In March 1976, Rosebud Coal Sales Co. (“Rosebud”) and the Government, acting through the Department of the Interior (“DOI”), entered into a lease whereby Rosebud acquired the privilege to mine coal on certain federal lands in Wyoming effective April 1, 1976. The document executed by Rosebud and DOI was not a standard form lease. It was unique, negotiated during a general moratorium on coal leasing. The lease provided that in exchange for coal mining privileges, Rosebud would pay a ten percent royalty based on the gross value of the coal “at the point where the coal is delivered from the pit.”

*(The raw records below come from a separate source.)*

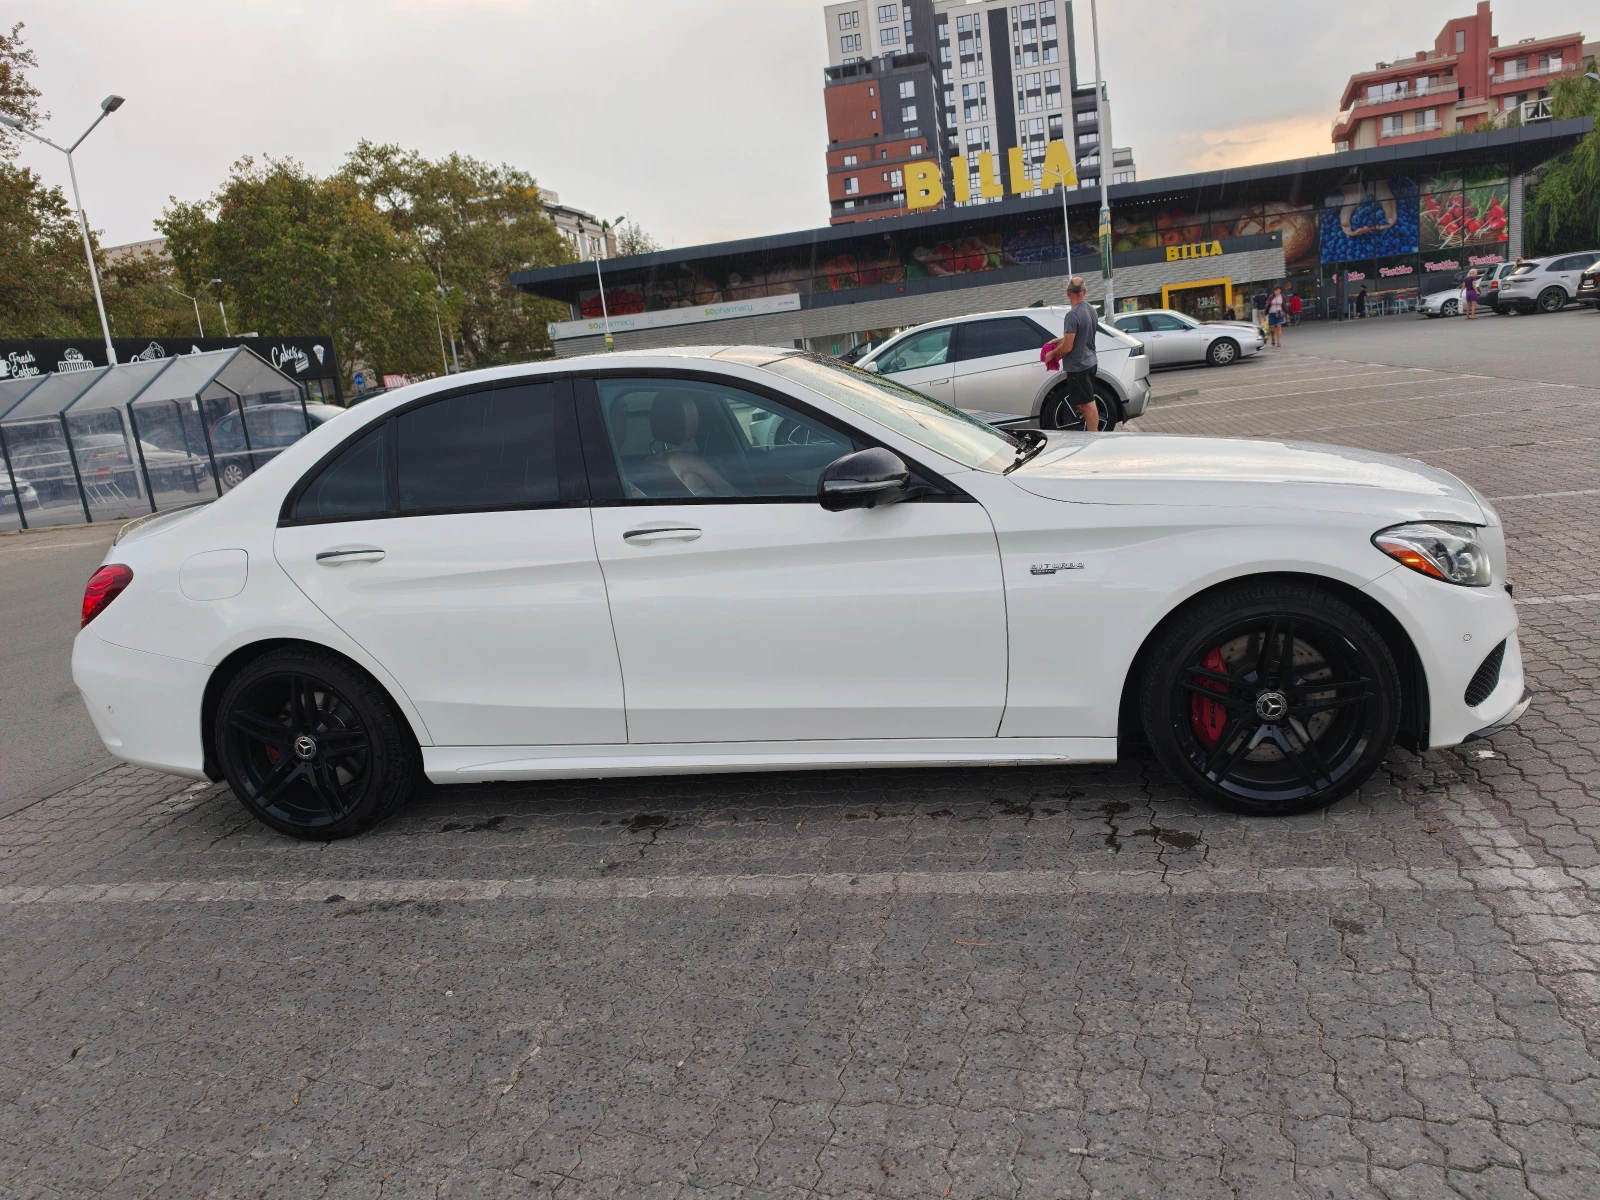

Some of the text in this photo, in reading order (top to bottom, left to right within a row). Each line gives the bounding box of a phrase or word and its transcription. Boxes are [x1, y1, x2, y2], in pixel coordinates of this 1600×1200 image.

[904, 139, 1078, 210] BILLA
[1166, 240, 1223, 262] BILLA
[704, 303, 753, 316] sopharmacy
[9, 350, 36, 364] Fresh
[271, 343, 298, 369] Cakes
[11, 363, 40, 378] Coffee

Section 5 of the lease provides for a production royalty. The charge is “10 percent of the gross value of the Coal produced,” but at least $.50 per ton during the first decade of the lease and $.60 during the second. Gross value is calculated in the following manner:

5(b) The Lessee agrees that the Lessor shall determine the gross value of the Coal produced from the Leased Lands for the purpose of Subsection 5(a) as follows:
(1) The gross value shall be considered to be the price received by the Lessee, adjusted for transportation and/or processing costs so that it is a measure of the value of the Coal at the mine mouth (or in the case of strip mining that point where the Coal is delivered from the pit)____
(2) The Area Mining Supervisor may make deductions from gross values for costs of preparing and transporting Coal which are incurred by the Lessee between the mine mouth, or in the case of strip mining that point to which the Coal is first delivered from the pit, as designated by the Supervisor, and the point of sale.. He will make such deductions only when, in his judgment and subject to his audit, the Lessee provides him with an accurate account of the costs so incurred.

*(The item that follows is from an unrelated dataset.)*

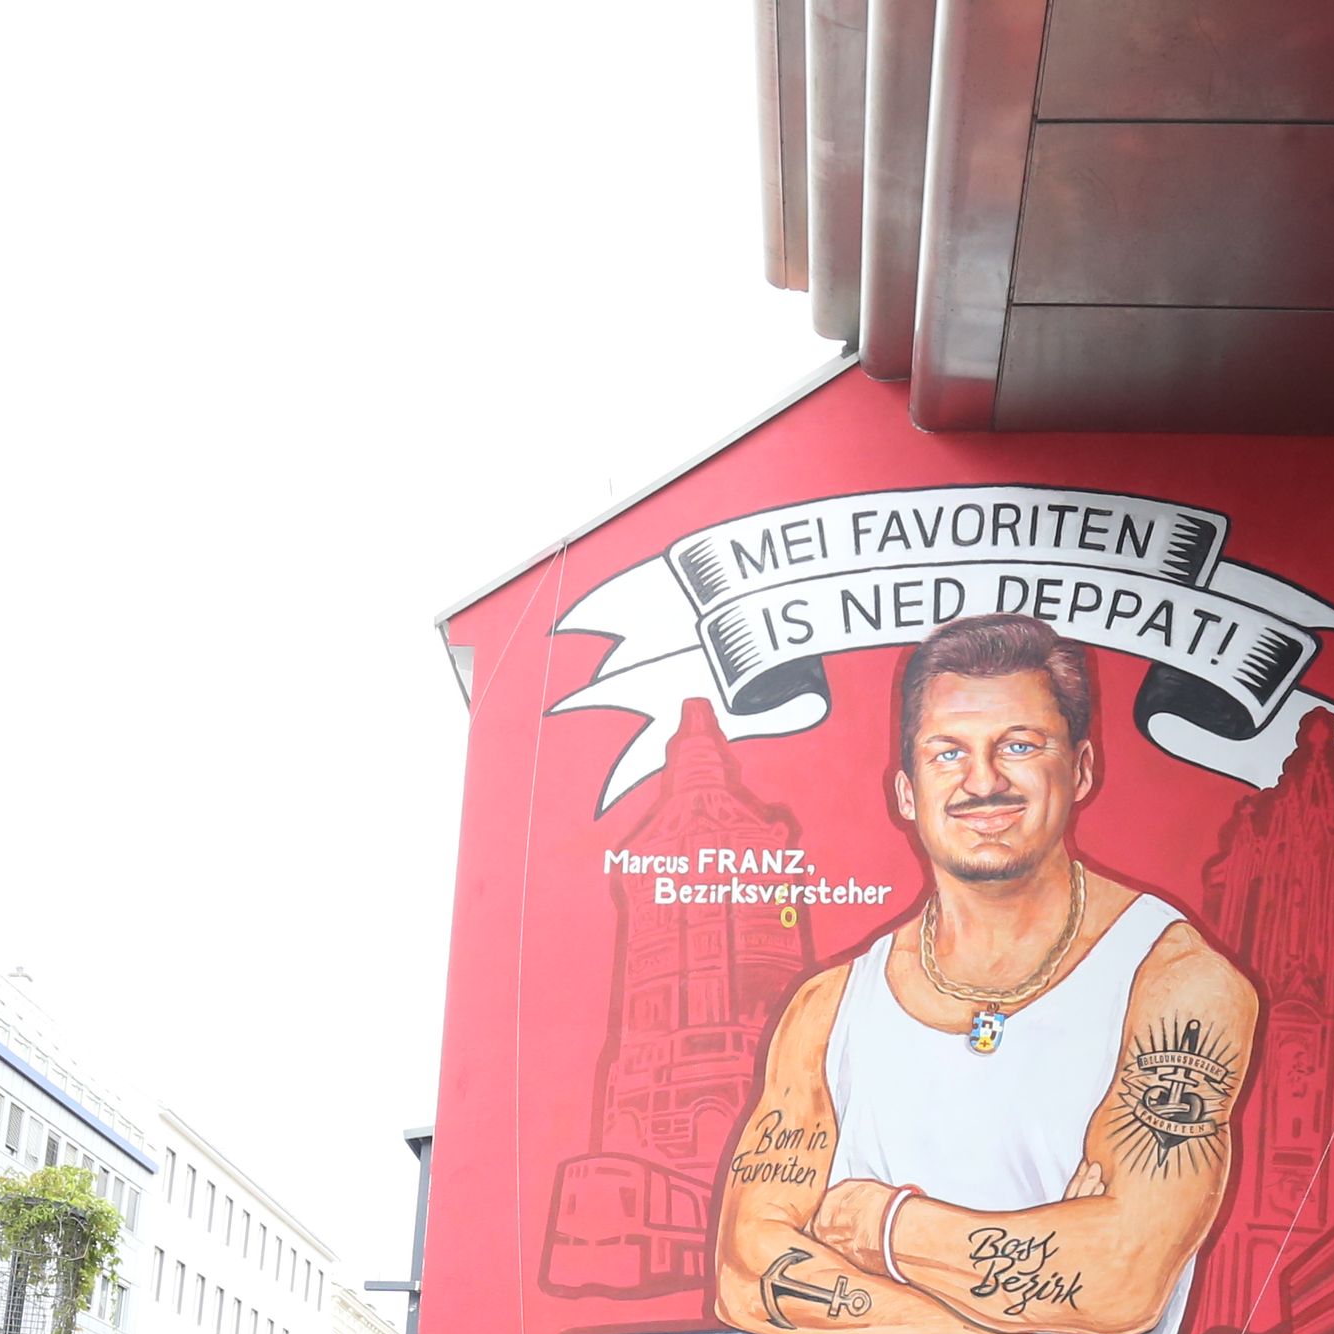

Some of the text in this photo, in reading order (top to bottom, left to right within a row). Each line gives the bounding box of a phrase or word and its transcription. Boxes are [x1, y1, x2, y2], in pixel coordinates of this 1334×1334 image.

The parties’ principal disagreement concerns the application in section 5(b)(1) of the adjustment for “transportation and/or processing costs so that it is a measure of the value of the Coal at the mine mouth.”

Rosebud assigned its rights under the lease to Black Butte Coal Co. (“plaintiff” or “Black Butte”) on June 18, 1976, as part of a package that included both federal and nonfederal lands. Black Butte agreed to the reservation of an overriding royalty at fifty percent of the federal royalty. This was the maximum overriding royalty allowed under section 19 of the lease, which limited overriding royalties as follows:3

[701]*701The Lessee shall not create, by assignment or otherwise, an overriding royalty interest in excess of 50 percent of the rate of royalty payable to the United States under this Lease or an overriding royalty interest which when added to any other outstanding overriding royalty interest exceeds that percentage, except that where an interest in the Leased Lands or in an operating agreement is assigned, the assignor may retain any overriding royalty interest in excess of 50 percent if he shows to the satisfaction of the Bureau that he has made substantial investments for improvements on the Leased Lands covered by the assignment.

Subsequently, a cap was added so that Black Butte’s total royalty payment (both federal and overriding) on the federal coal would not exceed the royalty on the non-federal coal, which was ten percent of the sales price.4 The royalty on federal lands was thus calculated at a higher percentage than the royalty on adjacent private lands, but against a lower net figure, based on value at the mine.

Black Butte began coal production at the site in February 1980. During-the course of the lease, a dispute arose as to certain of the transportation and processing costs that Black Butte claimed were properly deductible in computing the royalties due. Specifically, Black Butte asserts that in order to determine value at the minehead, it had the right to deduct from gross value (1) its overriding royalty payments, (2) a portion of its black lung tax payments, (3) a portion of its reclamation fee payments, and (4) a number of other costs not directly at issue here.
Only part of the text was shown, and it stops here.